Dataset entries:
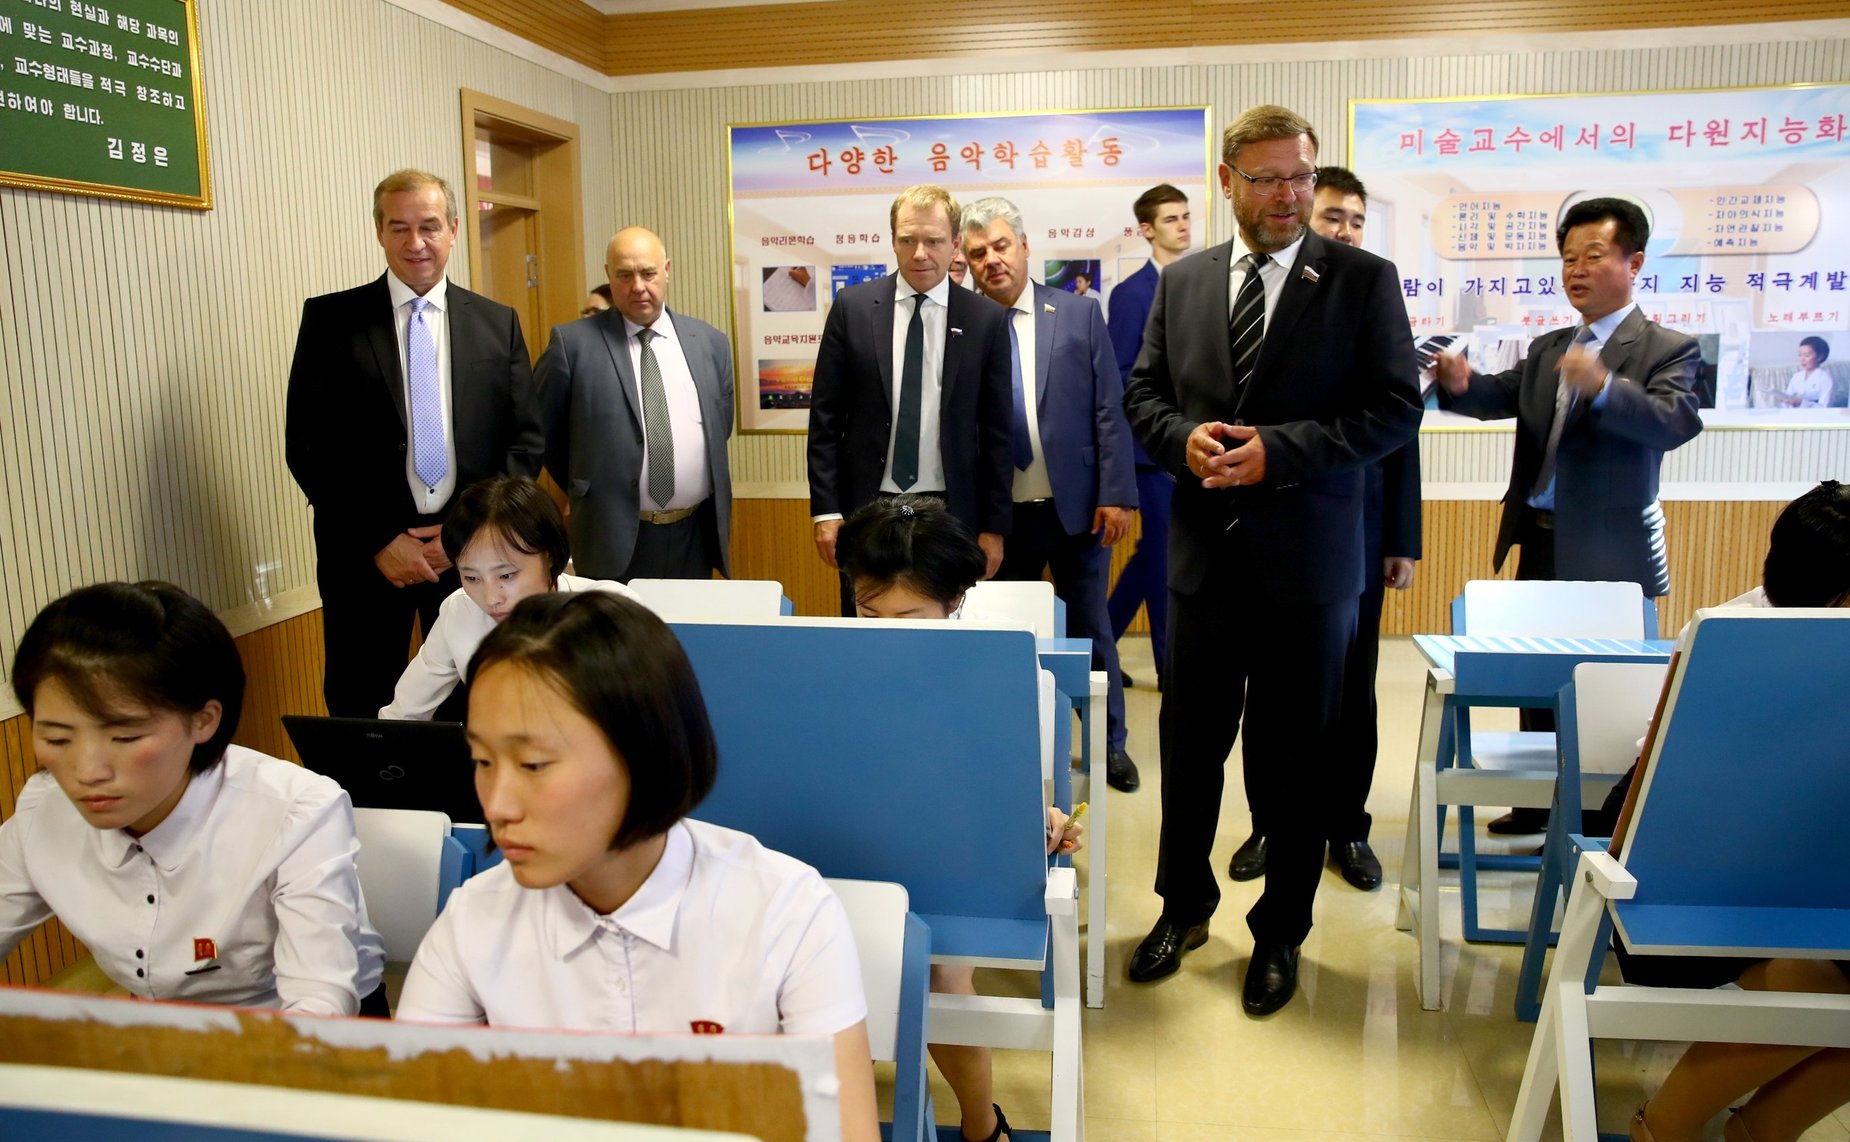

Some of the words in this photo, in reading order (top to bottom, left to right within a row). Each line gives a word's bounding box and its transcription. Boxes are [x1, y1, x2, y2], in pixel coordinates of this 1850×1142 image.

[70, 0, 109, 25] 현실과
[117, 14, 140, 34] 해당
[146, 23, 179, 46] 과목의
[22, 21, 52, 44] 맞는
[61, 32, 117, 62] 교수과정,
[127, 50, 182, 78] 교수수단과
[15, 56, 94, 89] 교수형태들을
[100, 77, 126, 96] 적극
[136, 85, 186, 110] 창조하고
[63, 103, 104, 125] 합니다.
[1400, 122, 1635, 155] 미술교수에서의
[1668, 114, 1847, 147] 다원지능화
[807, 145, 898, 176] 다양한
[927, 137, 1123, 172] 음악학습활동
[1464, 276, 1565, 296] 가지고있
[1680, 274, 1726, 293] 지능
[1746, 271, 1848, 291] 적극계발
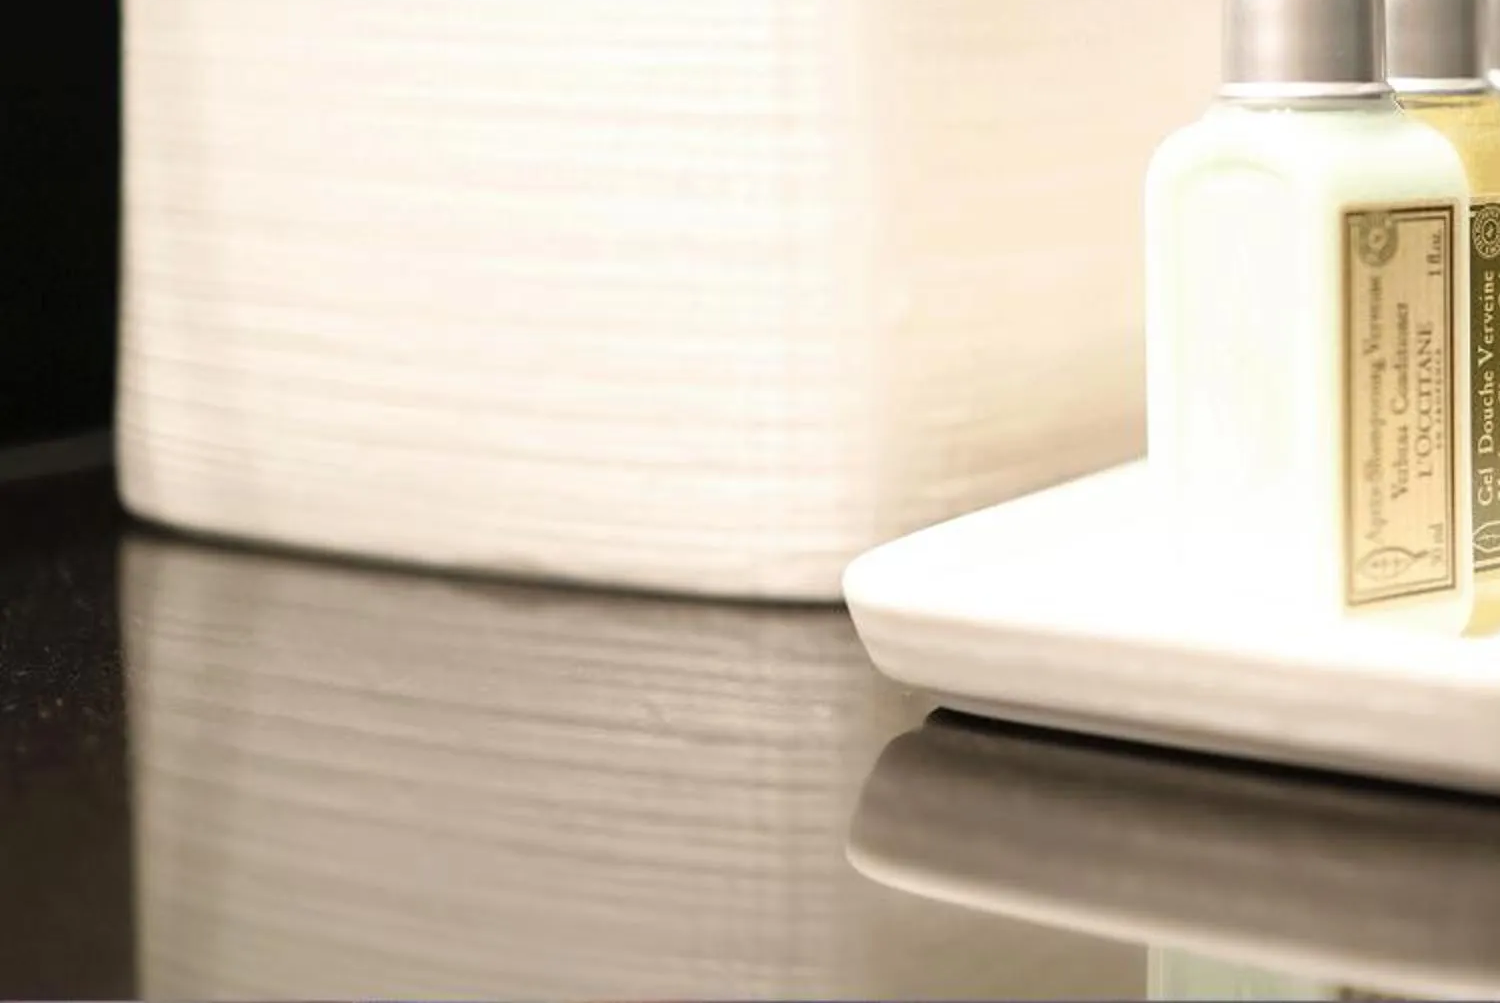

_Task_
Repeat all of the data above word for word, minus the pictures.

_Written reply_
Some of the words in this photo, in reading order (top to bottom, left to right within a row). Each line gives a word's bounding box and its transcription. Boxes are [x1, y1, x2, y2], in pixel coordinates of this 1850×1142 image.

[70, 0, 109, 25] 현실과
[117, 14, 140, 34] 해당
[146, 23, 179, 46] 과목의
[22, 21, 52, 44] 맞는
[61, 32, 117, 62] 교수과정,
[127, 50, 182, 78] 교수수단과
[15, 56, 94, 89] 교수형태들을
[100, 77, 126, 96] 적극
[136, 85, 186, 110] 창조하고
[63, 103, 104, 125] 합니다.
[1400, 122, 1635, 155] 미술교수에서의
[1668, 114, 1847, 147] 다원지능화
[807, 145, 898, 176] 다양한
[927, 137, 1123, 172] 음악학습활동
[1464, 276, 1565, 296] 가지고있
[1680, 274, 1726, 293] 지능
[1746, 271, 1848, 291] 적극계발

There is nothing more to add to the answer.